What is needed is an exact transcription of every entry below, with the pictures left out.

[Opening AVAILABLE RECORDS section]

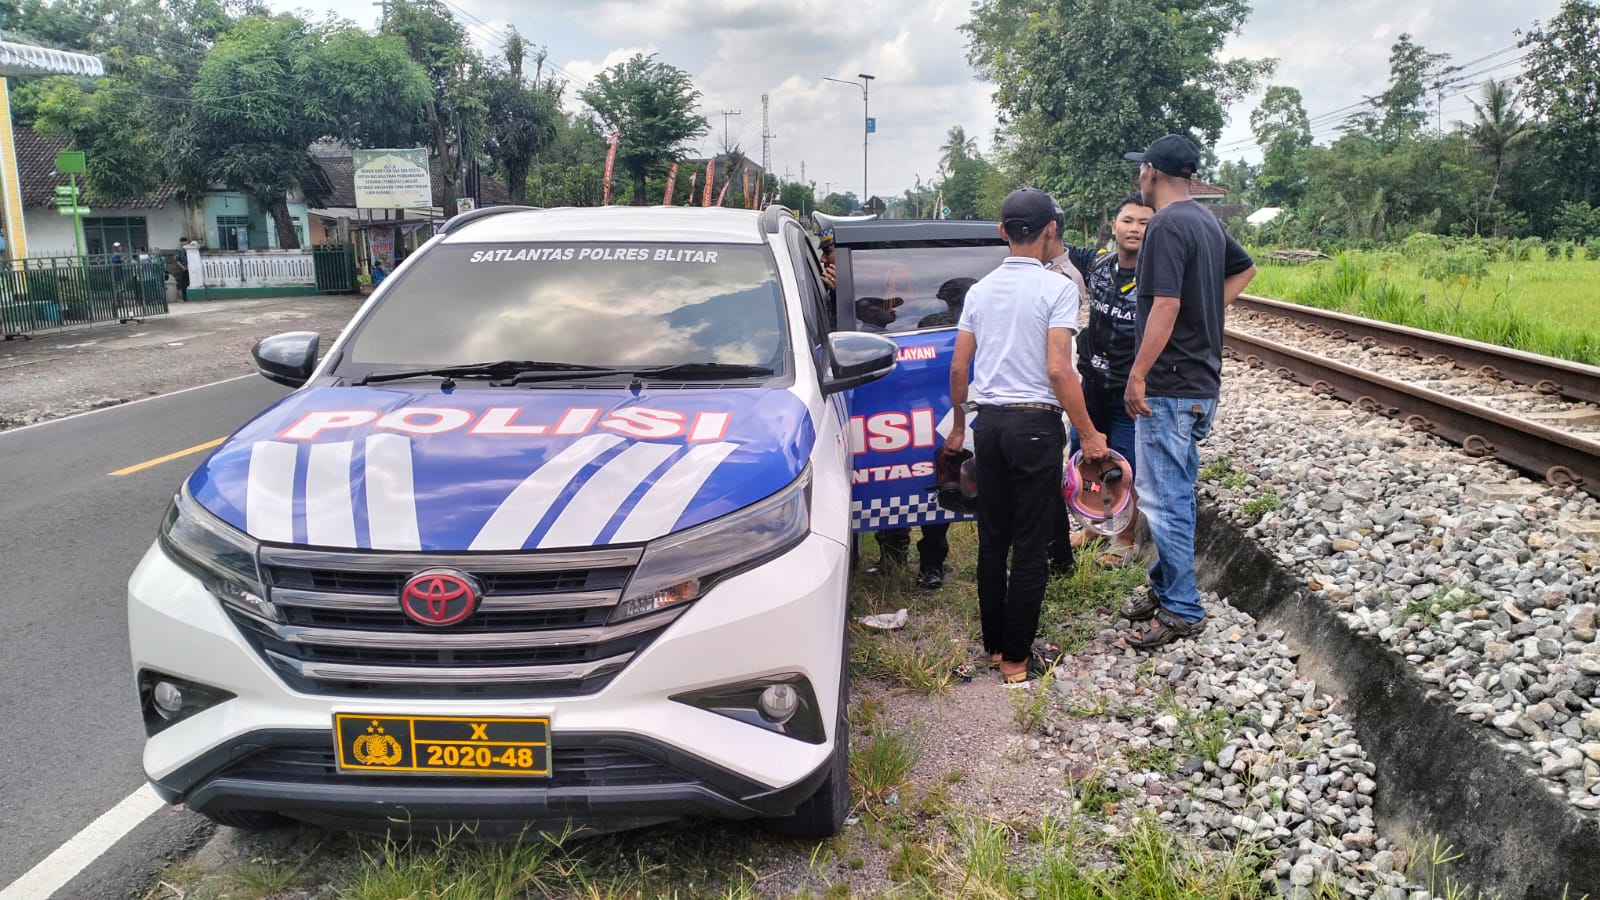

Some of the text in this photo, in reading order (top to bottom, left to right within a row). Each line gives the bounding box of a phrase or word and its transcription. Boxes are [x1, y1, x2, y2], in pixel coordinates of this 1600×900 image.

[470, 248, 718, 263] SATLANTAS POLRES BLITAR
[278, 406, 731, 442] POLISI
[470, 723, 488, 740] X
[427, 746, 534, 767] 2020-48
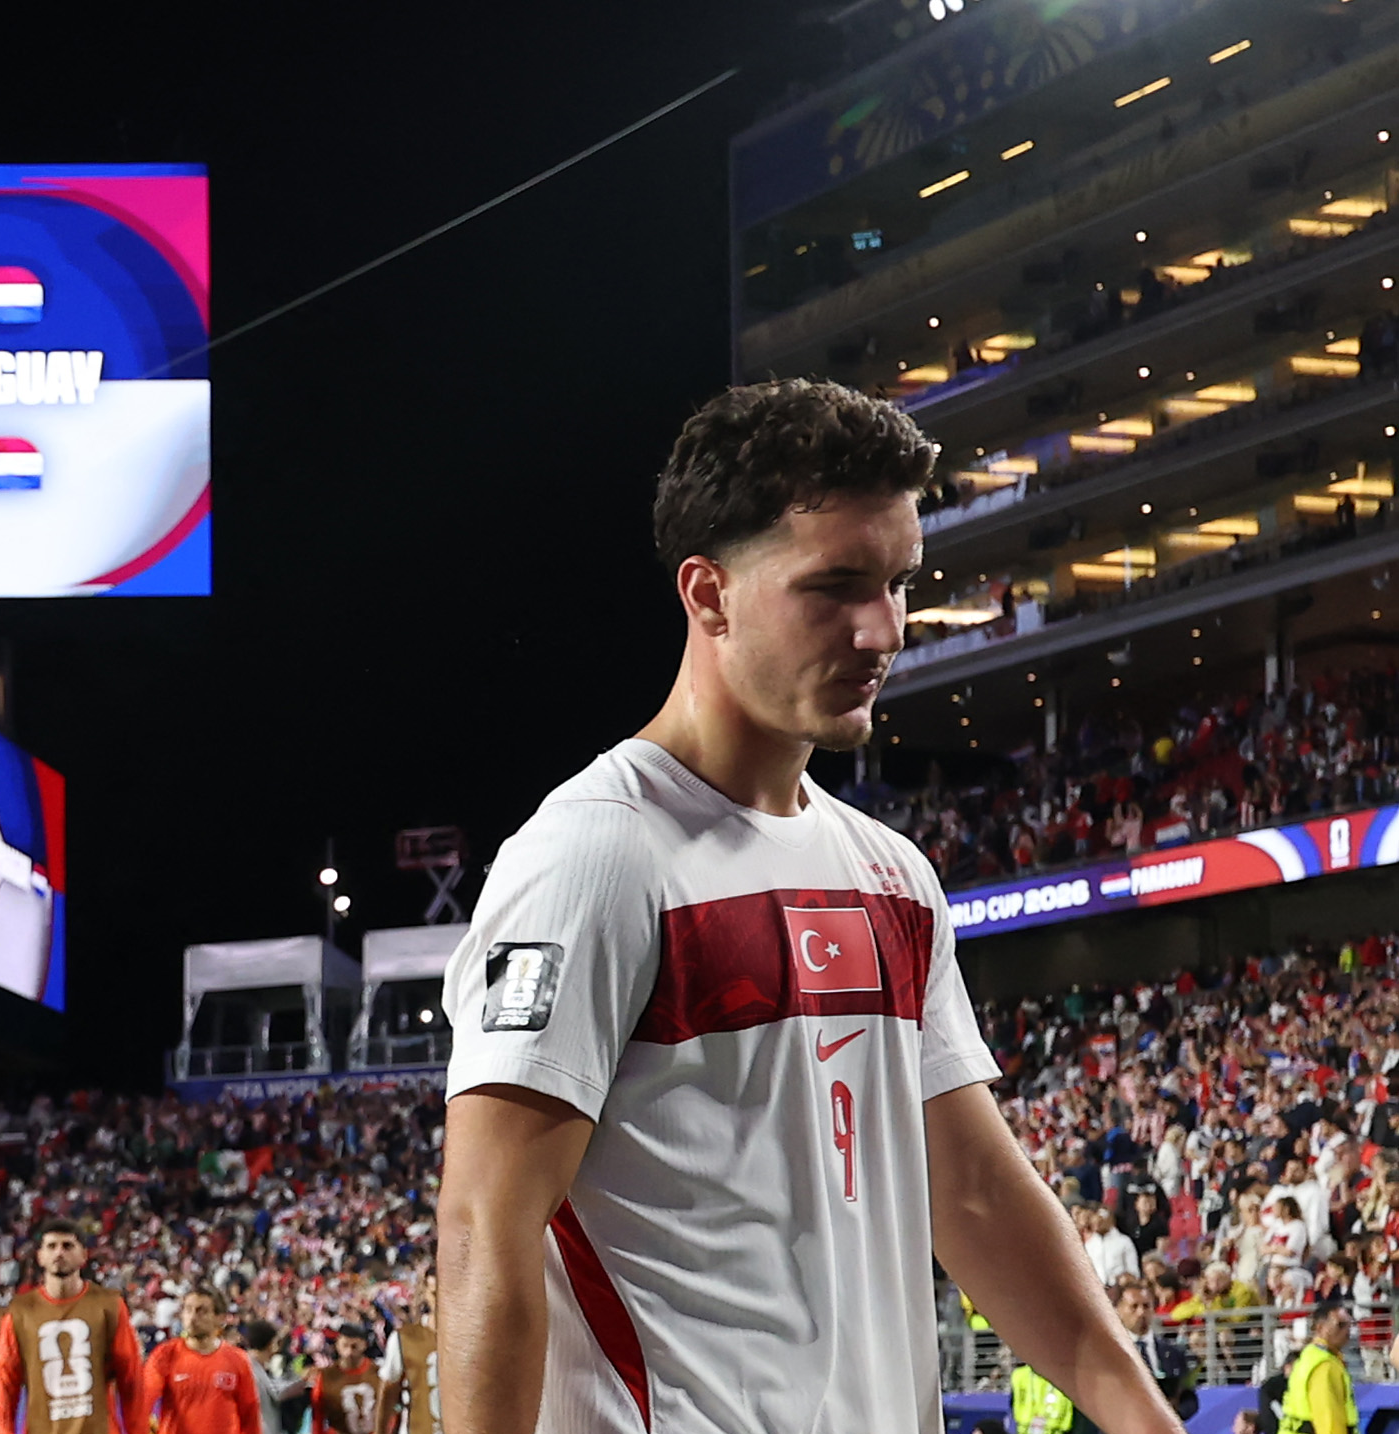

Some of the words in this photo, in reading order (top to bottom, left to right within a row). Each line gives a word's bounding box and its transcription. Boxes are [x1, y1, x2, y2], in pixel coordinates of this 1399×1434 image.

[986, 892, 1023, 923] CUP
[1023, 878, 1092, 916] 2026
[831, 1080, 858, 1203] 9
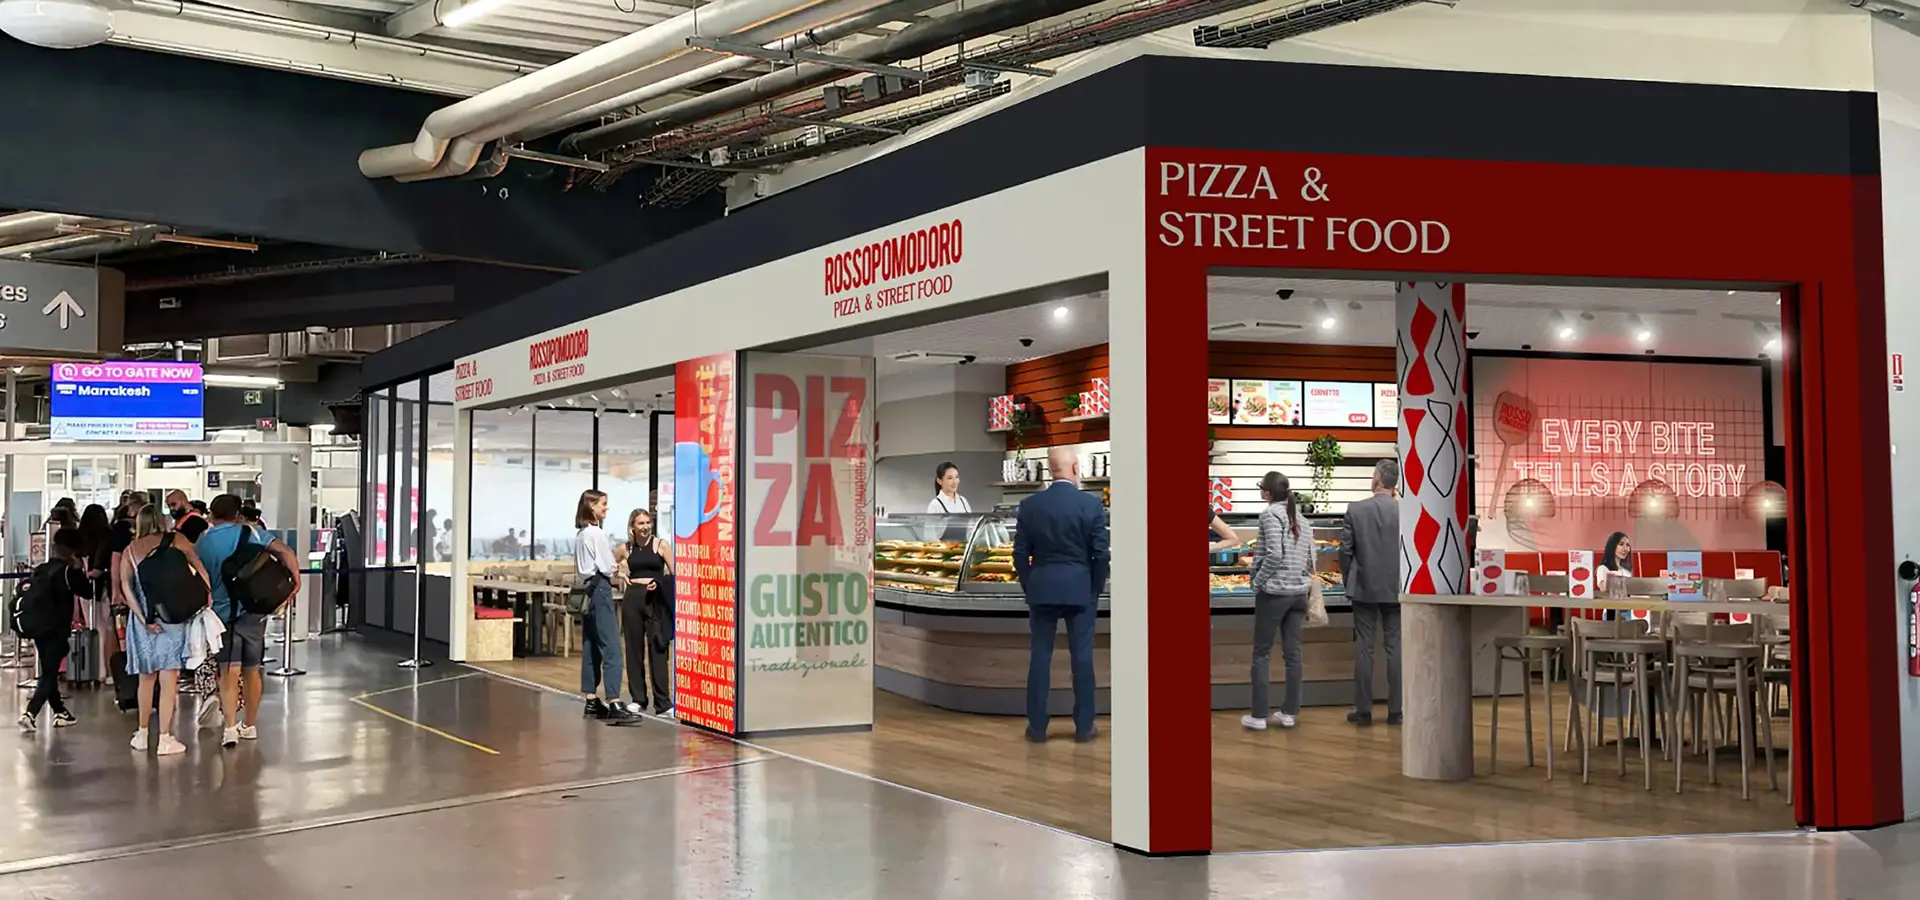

[Closing AVAILABLE RECORDS section]

OUTPUT BELOW:
Some of the text in this photo, in reading order (top to bottom, left to right within a row). Each line gives the bounding box of a phrase or word and its transcription. Boxes are [x1, y1, x2, y2], in pixel coordinates of this 1600×900 image.

[470, 248, 718, 263] SATLANTAS POLRES BLITAR
[278, 406, 731, 442] POLISI
[470, 723, 488, 740] X
[427, 746, 534, 767] 2020-48

Some of the words in this photo, in reading order (top to bottom, left to right within a row). Each line gives a word's bounding box and its transcription. Boxes are [x1, y1, x2, y2], in pixel coordinates of this 1399×1434 image.

[986, 892, 1023, 923] CUP
[1023, 878, 1092, 916] 2026
[831, 1080, 858, 1203] 9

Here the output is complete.